An analytical parameter used to evaluate the network's performance is an objective function that refers to loss function. Loss is defined as the difference between the expected and actual performance values. The ultimate goal is to eliminate error to maximize the accuracy of the model's forecasts. Mean square error (MSE) and cross-entropy are two objective functions commonly used.

Mean squared error (MSE) is one of the mostly used objective functions, measured as the average squared difference between predictions and actual values. It is only concerned with the average magnitude of error, irrespective of its direction. The MSE can be represented as Eq. (3)19.

$$ MSE = \frac{1}{N}\sum\limits_{n} {(y_{t} - } y_{pred} )^{2} $$
(3)

where \(N\) is a number of output nodes or neurons.

Categorical cross-entropy is often called Softmax loss activation function plus cross-entropy loss. The categorical entropy objective function is used when there are two or more label classes. The categorical cross-entropy can be represented as Eq. (4)20.

$$ y_{{pred_{j} }} = \frac{{e^{{\left( {x_{{w_{j} }}^{l} } \right)}} }}{{\sum\limits_{i = 1}^{k} {e^{{\left( {x_{i}^{l} } \right)}} } }}\quad CE = - \frac{1}{n}\sum\limits_{i = 1}^{C} {y_{t} \log \left( {y_{pred} } \right)} {\kern 1pt} $$
(4)

Weight is used to minimize the prediction error. After the gradient of the objective function achieves global minima, it will maximize the objective function. Hence, the weight needs to be updated. It is a process where the current weight is subtracted with the gradient of the objective function multiplied by the learning rate. The update rule of BPNN is expressed as Eq. (5)

$$ w_{j + 1} = w_{j} - n\frac{d}{{dw_{j} }}J\left( w \right)\quad b_{j + 1} = b_{j} - n\frac{d}{{db_{j} }}J\left( b \right) $$
(5)

\(w_{j}\) is a current weight in a neural network. \(w_{j + 1}\) is a new weight in a neural network. \(b_{j}\) is a current bias weight in a neural network. \(b_{j + 1}\) is a new bias weight in a neural network. \(\eta\) is a learning rate.

Another well-known optimizer is the Levenberg Marquardt (LM) which is the combination of a gradient descent method and the Gauss–Newton method designed to minimize a non-linear function21. In ANN, LM is suitable for training small and medium-sized problems. The Gauss–Newton approximates the Hessian matrix, H expressed as Eq. (6).

$$ H = J^{T} J $$
(6)

where J is the Jacobian matrix, and the LM introduces another approximation to the Hessian matrix as expressed in Eq. (7)22.

$$ H = J^{T} J + \mu I $$
(7)

where \(\mu\) is a damping parameter which is always a positive number, and I is the identity matrix.
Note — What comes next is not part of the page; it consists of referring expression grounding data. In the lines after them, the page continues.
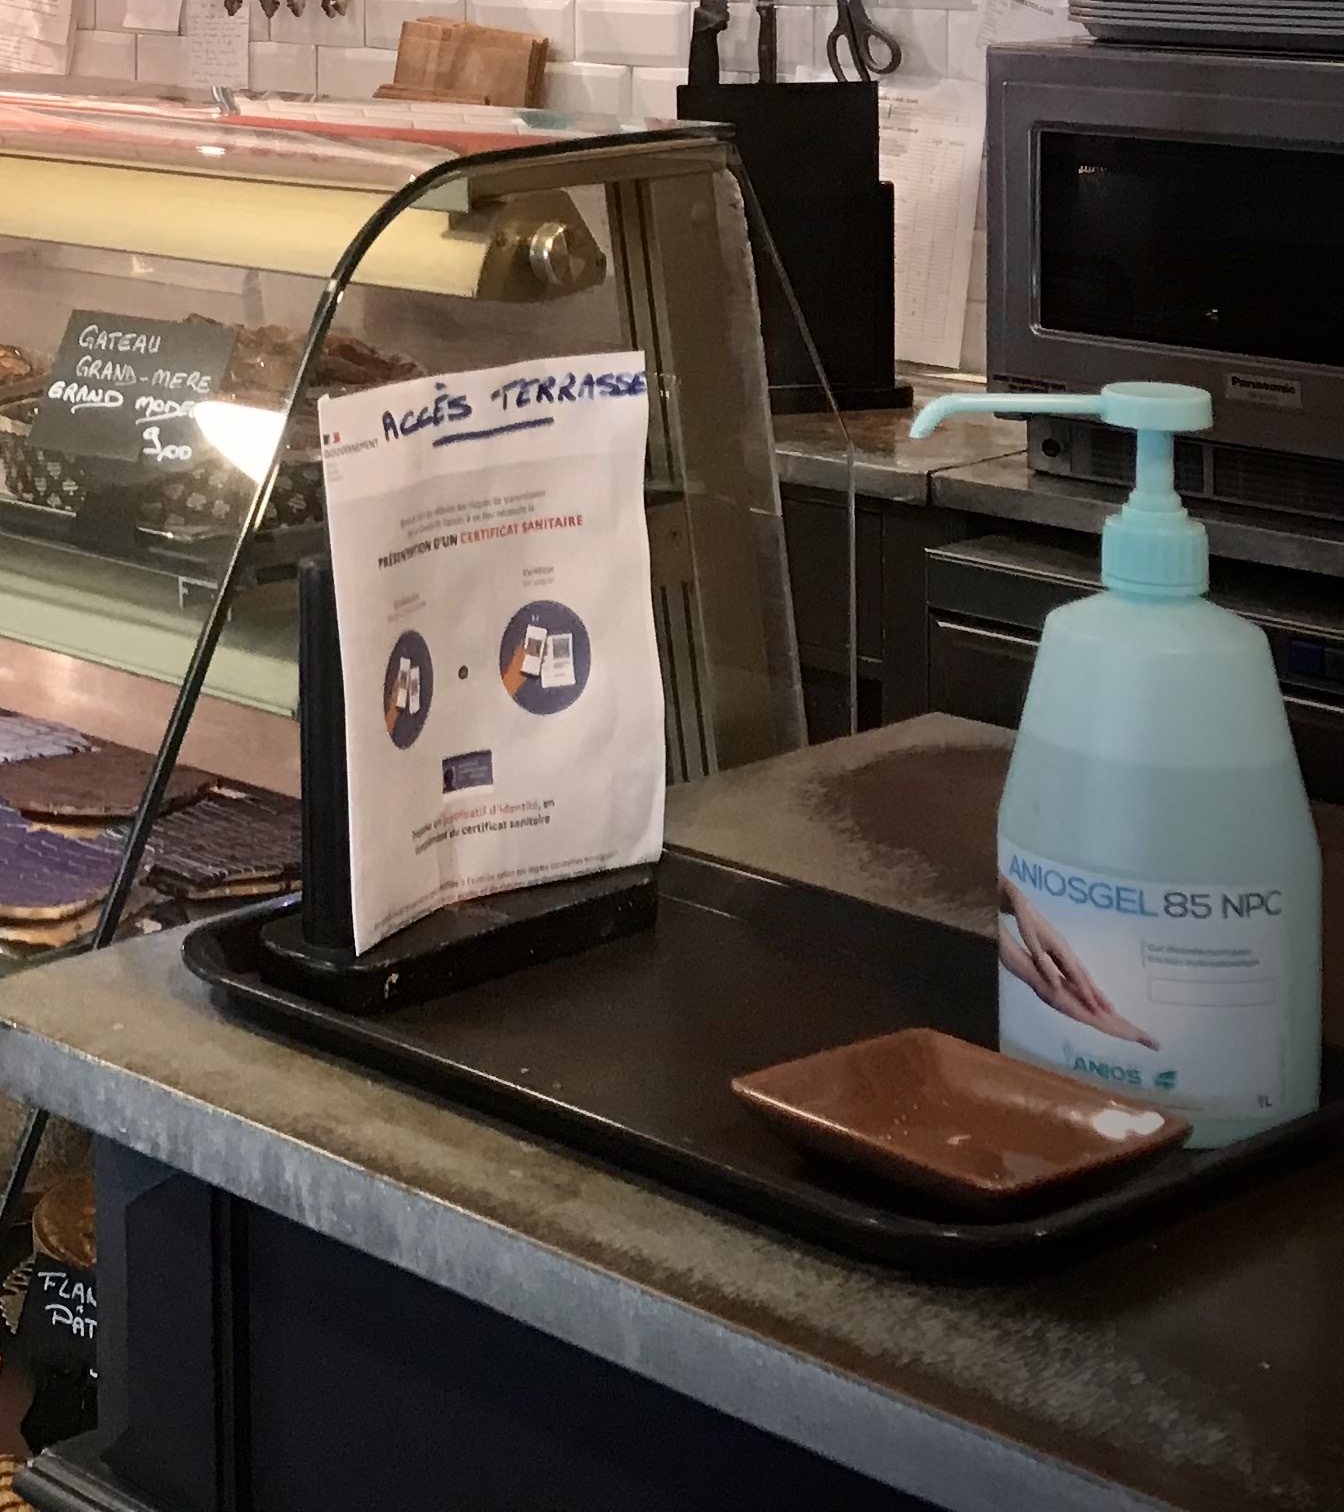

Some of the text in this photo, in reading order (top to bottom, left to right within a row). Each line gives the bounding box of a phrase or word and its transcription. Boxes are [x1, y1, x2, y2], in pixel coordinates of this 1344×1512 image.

[79, 325, 161, 354] GATEAU
[381, 371, 647, 441] ACCÈS TERRASSE
[461, 523, 519, 544] CERTIFICAT
[522, 514, 583, 533] SANITAIRE
[1009, 854, 1283, 919] ANIOSGEL 85 NPC
[1072, 1057, 1142, 1085] ANIOS
The update rule of LM is expressed as Eq. (8).

$$ w_{j + 1} = w_{j} - \left[ {J^{T} \left( {w_{j} } \right)J\left( {w_{j} } \right) + \mu_{j} I} \right]^{ - 1} J^{T} \left( {w_{j} } \right)v\left( {w_{j} } \right) $$
(8)

where \(w_{j + 1}\) is a new weight calculated as gradient function, \(w_{j}\) is the current weight using the Newton algorithm, j is the iteration index, \(\mu_{j}\) is a damping parameter and \(v\) is an error vector.

Differ from GD and SGD which are available in Keras libraries, the Python code for LM algorithm is developed and embedded in the application tool. The LM algorithm implemented in ANN models originated from tf.keras.Model. Referring to the lines of codes in Fig. 3, the process is comparable on how the models are often trained in Keras. The distinction is that the fit function is invoked on a ModelWrapper class rather than on the model class directly.

Figure 3
figure 3

Implemented LM algorithm using Python.

As the algorithm shown, the LM optimizer is an advancement of GD and Newton method which can be seen in the separately self-developed model known as model_wrapper. This implementation of the LM algorithm refers to the previous work of23.

The LM approaches gradient descent when the \(\mu\) is very large, and it approaches the Gauss–Newton algorithm when it \(\mu\) is very small or nearly zero. The LM is fast, stable, and more robust than the Gauss–Newton as it converges well. But it is a bit slower than Gauss–Newton. The LM converges faster than the gradient descent method, and it requires much memory compared to Gauss–Newton and gradient descent6.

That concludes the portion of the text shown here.